Picture this; I’m 5 or so years old, I’m adorable, I’m in my Rainbows pinny and I’m just dying to get my cooking badge because society has already spoon fed me the idea that I need to learn how to cook on account of the fact that I’m a girl (an adorable girl, don’t forget).
We made frittata with some red peppers, onion and ham. I have no clue how it tasted, but I’ll never forget the excitement of actually helping to cook something. We had chopped things and mixed things, we were like the fucking sorcerers on Blue Peter!
The beauty of the Hakuna Frittata is that it really does mean no worries (unless you burn yourself but that’s an iss-YOU not an iss-me). Raid the fridge, use everything, use hardly anything at all, either way you end up with a quick and easy meal with the added benefit of feeling cheffy as fuck while you use the broil setting on your oven.
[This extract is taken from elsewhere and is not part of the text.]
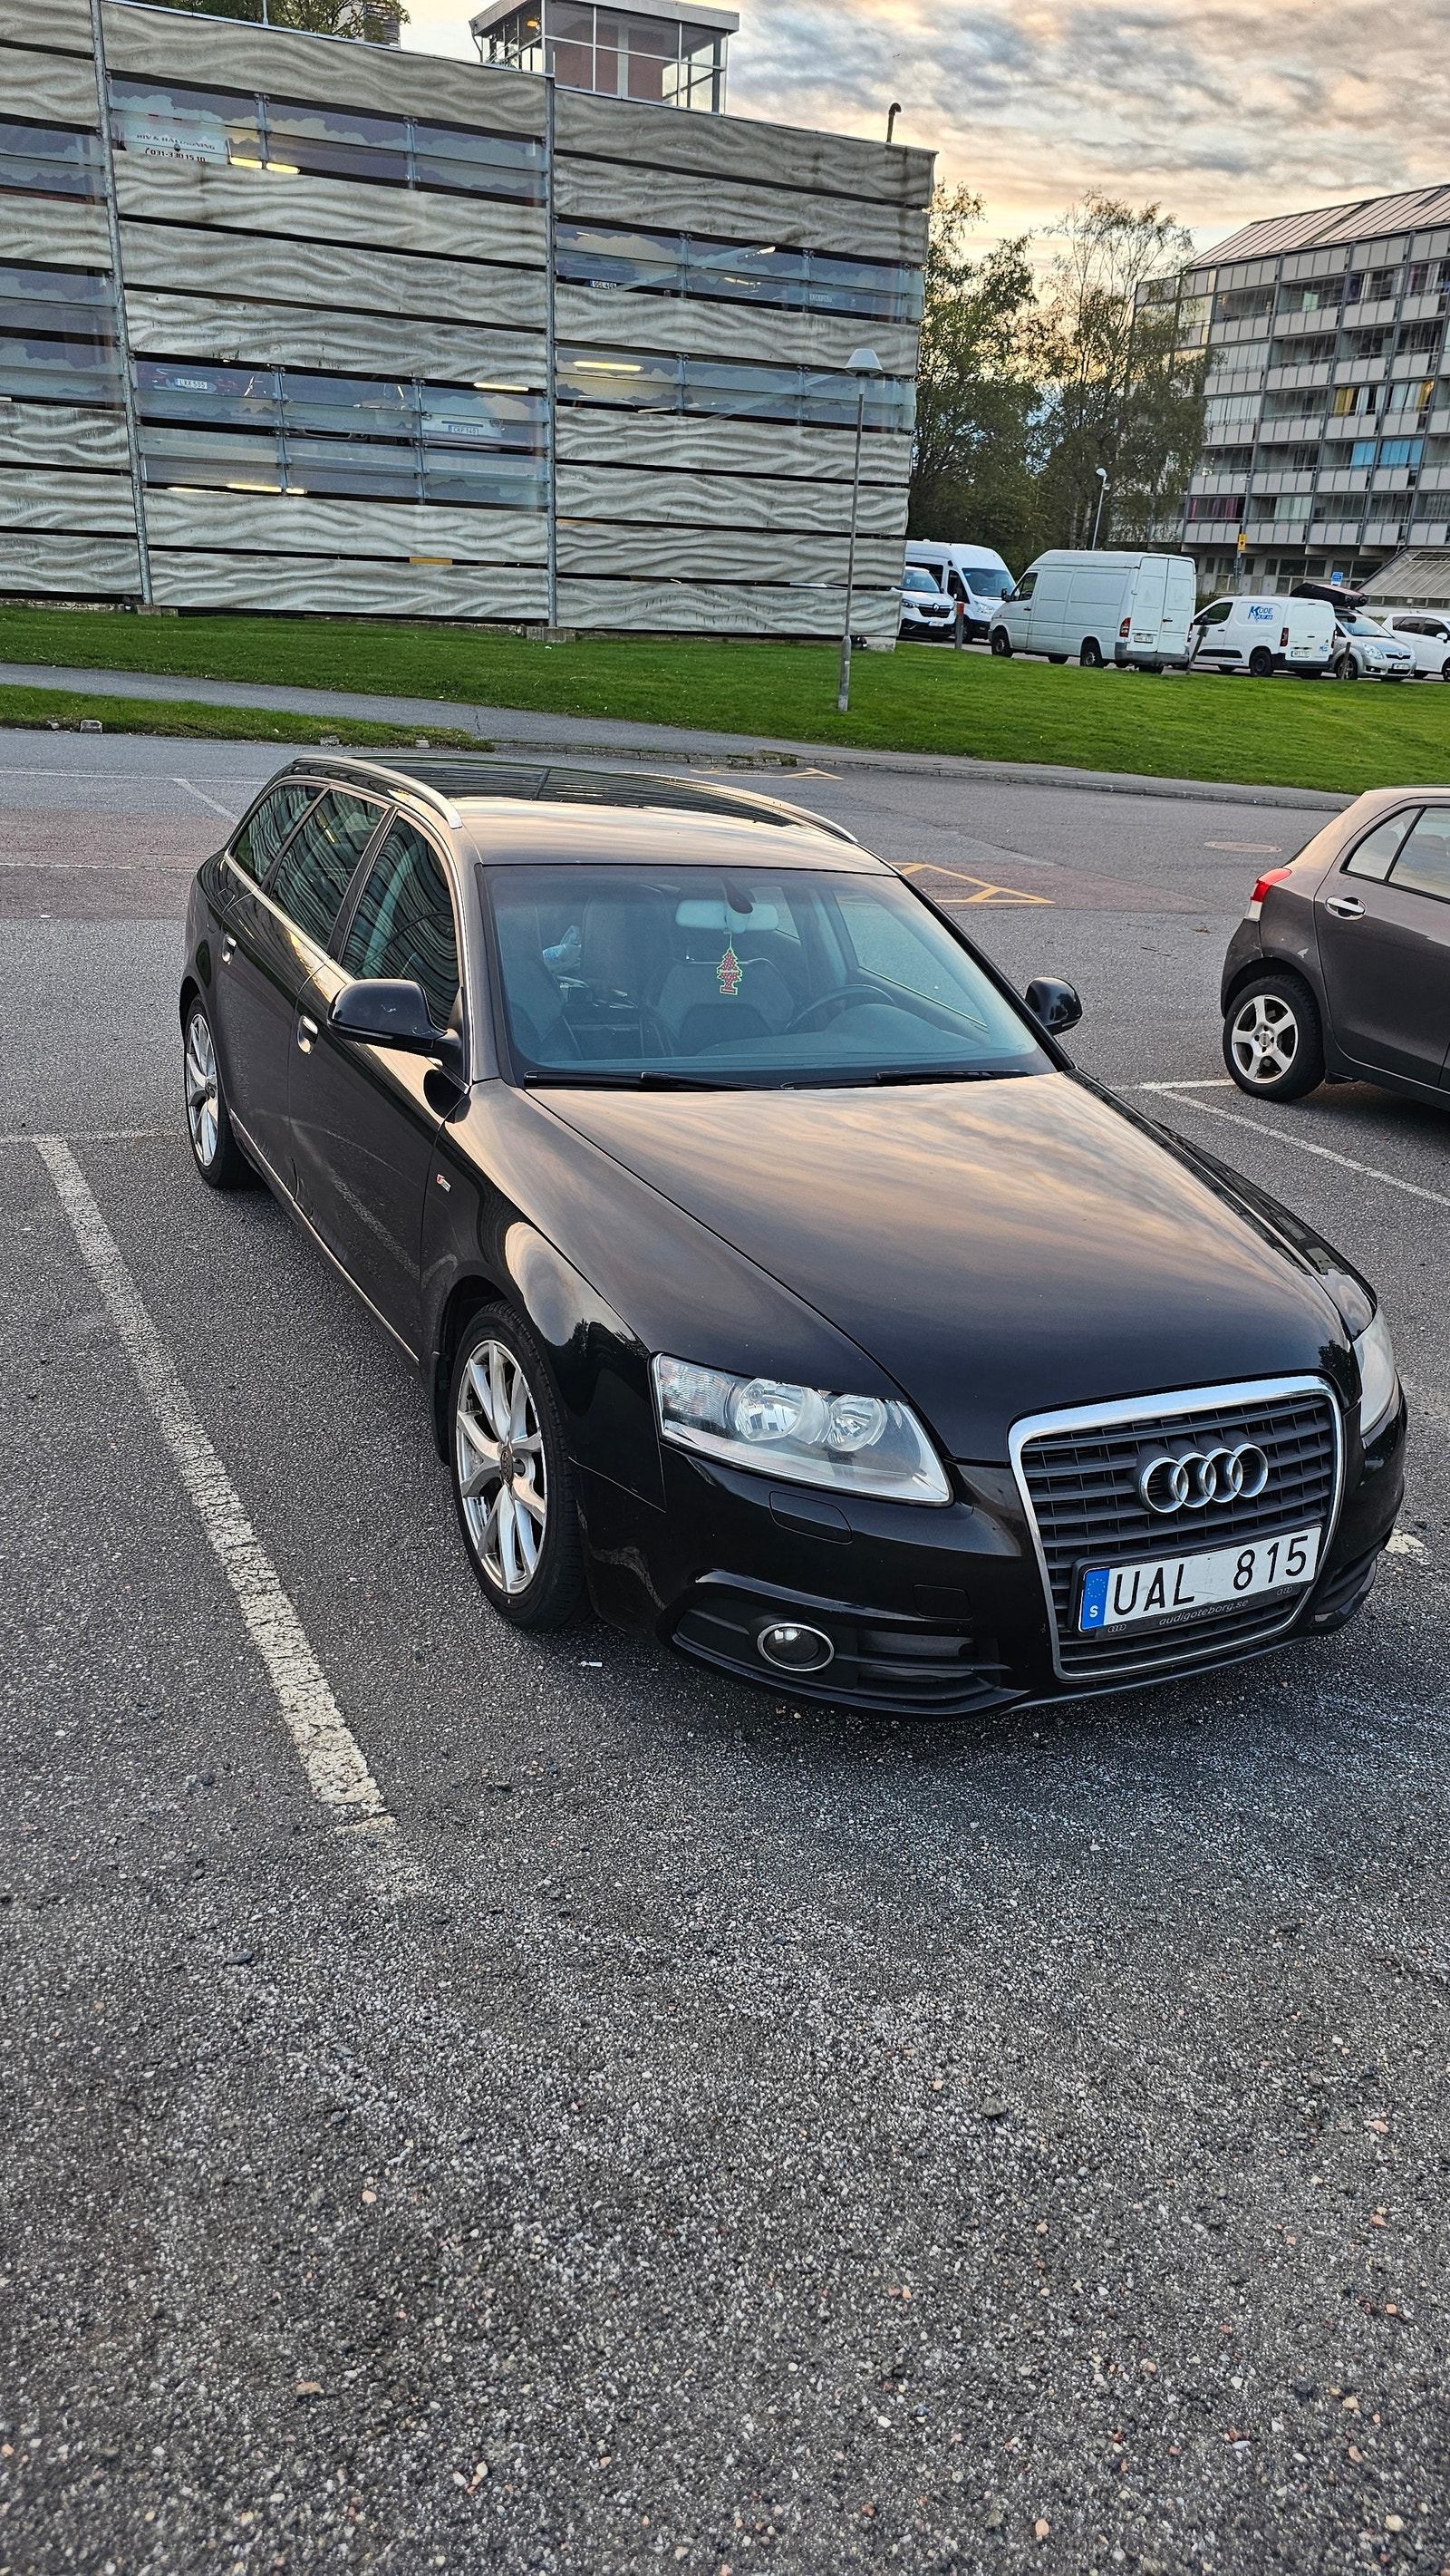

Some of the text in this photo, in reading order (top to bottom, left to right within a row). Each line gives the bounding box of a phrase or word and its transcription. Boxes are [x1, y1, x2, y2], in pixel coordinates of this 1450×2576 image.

[1113, 1535, 1309, 1616] UAL 815
[1089, 1604, 1098, 1618] S
[1158, 1599, 1249, 1625] audigoteborg.se
The list below is what I tend to need to use up, chop and change ingredients as you need.
From an idea born in St. Lawrence’s church hall in Eastcote, now come to life in your own kitchen. You lucky bugger.
What you need:
- 6 large eggs (free range because we’re not dicks, are we?)
- 100g ‘Nduja (any other protein, if you want to use one, will work too)
- 175g Broccoli florets, halved or quartered (depending on their size)
- 70g frozen peas
- 1 small red bell pepper, diced
- 1/4 yellow onion, diced
- Handful of chopped, frozen spinach
- 1 tbsp rose Harissa
- Meltable cheese of your choice for topping
What to do:
Get a large, non-stick frying pan that can also go in the oven (no melting handles here, baby) and place it on a medium heat to get up to temperature, in the meantime you can prep your veg.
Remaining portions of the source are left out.